Choosing a Notified Body: What MedTech Founders Need to Know
- May 18
- 4 min read

If you’re building a medical device under the EU MDR, picking a Notified Body (NB) is one of the most consequential decisions you’ll make on your road to market. It’s not a procurement exercise you can knock out in an afternoon, and it’s not something you’ll easily undo. The NB you sign with today will likely be your conformity assessment partner for years - through your initial certification, your surveillance audits, and most of your subsequent product changes.
So, before you fire off RFPs to every NB on the NANDO database, slow down. Here’s what actually matters when you’re choosing one, especially as an early-stage company.
1. Treat it like a long-term relationship, because it is
Switching Notified Bodies later is painful. It’s not impossible, but it’s slow, expensive and disruptive. Contracts with a NB are typically agreed for several years; for a while you may find yourself managing two parallel relationships at once. The new Notified Body may have different requirements than the previous one, which can increase workloads and create additional complexity during the handover. Difficult to handle for a start-up. Most companies that switch say they wish they’d chosen better the first time around.
That means your selection criteria shouldn’t just be price and turnaround. Think about cultural fit, communication style, the people you’ll actually be working with and whether you can imagine talking to them for the next several years. If your gut says “this is going to be painful”, trust it.
2. Make sure they have the right MDN/MDA codes
This sounds basic, but it’s where a lot of founders trip up.

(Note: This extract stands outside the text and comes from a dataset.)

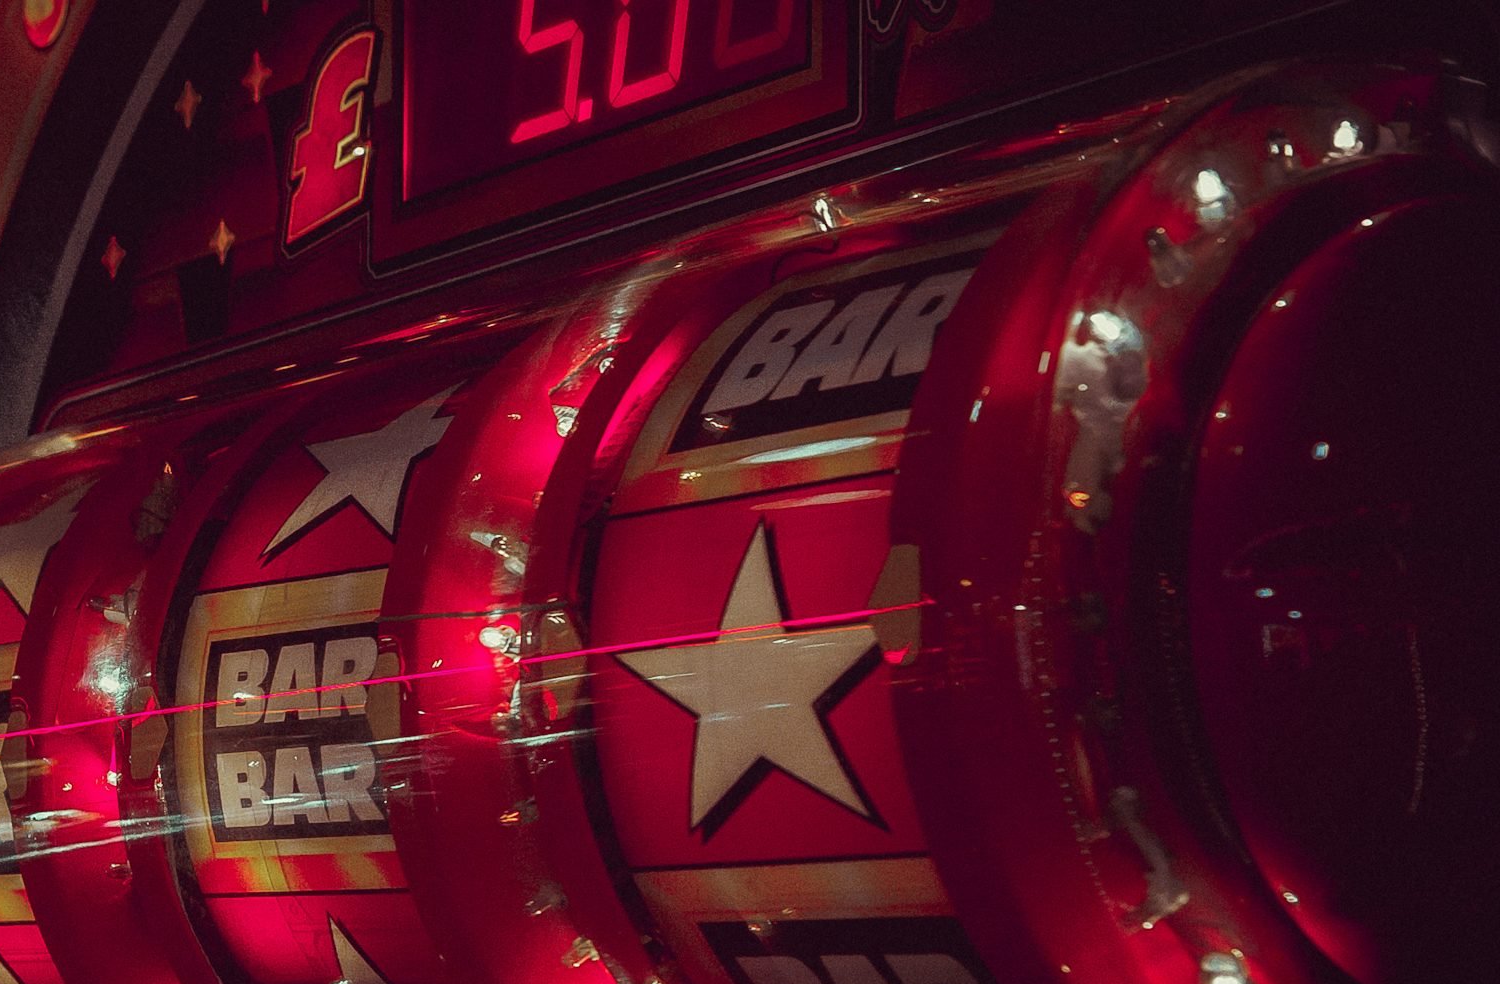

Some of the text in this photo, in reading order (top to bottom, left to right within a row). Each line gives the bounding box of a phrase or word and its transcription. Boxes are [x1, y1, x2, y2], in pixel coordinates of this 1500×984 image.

Notified Bodies are designated to assess specific device categories, identified by MDN codes (for non-active devices) and MDA codes (for active devices), plus horizontal codes for special processes (like sterile devices).

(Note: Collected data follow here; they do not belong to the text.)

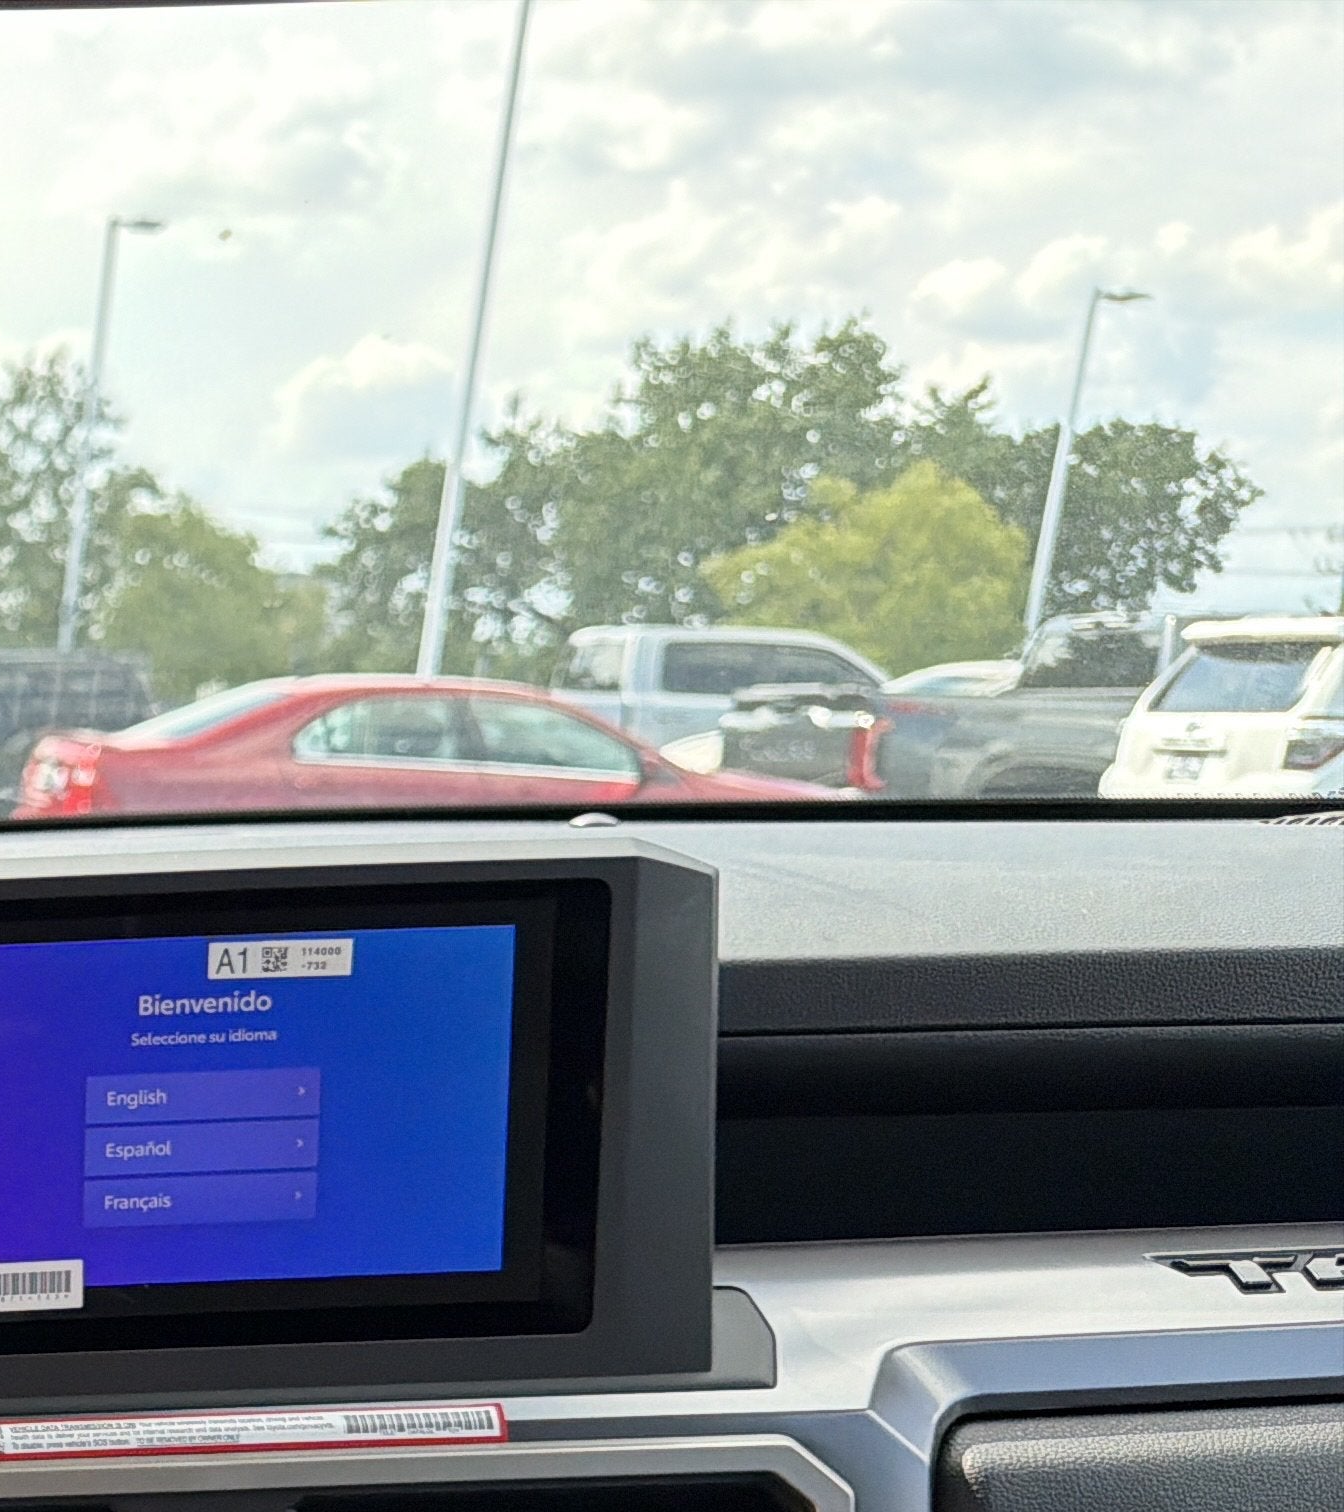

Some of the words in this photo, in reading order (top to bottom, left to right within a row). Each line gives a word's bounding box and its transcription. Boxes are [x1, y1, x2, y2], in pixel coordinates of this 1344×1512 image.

[215, 947, 248, 974] A1
[137, 989, 273, 1017] Bienvenido
[130, 1033, 207, 1047] Seleccione
[209, 1033, 226, 1044] su
[228, 1027, 278, 1042] idioma
[106, 1087, 168, 1110] English
[104, 1140, 172, 1161] Español
[103, 1192, 172, 1213] Français

Your device may map to several codes - and not every NB covers every combination. Before you go any further in conversations, confirm in writing that the NB is designated for all the codes your device requires. The NANDO database is your friend here (Nando Database).
3. Demand a real timeline and budget — ideally with fixed timing
One of the most common founder complaints about NBs is unpredictability. You submit your technical documentation, then wait... and wait. And then get a question, address it, and wait again. Sometimes the process takes up to 24 months in total. For a startup with a runway, this is existential.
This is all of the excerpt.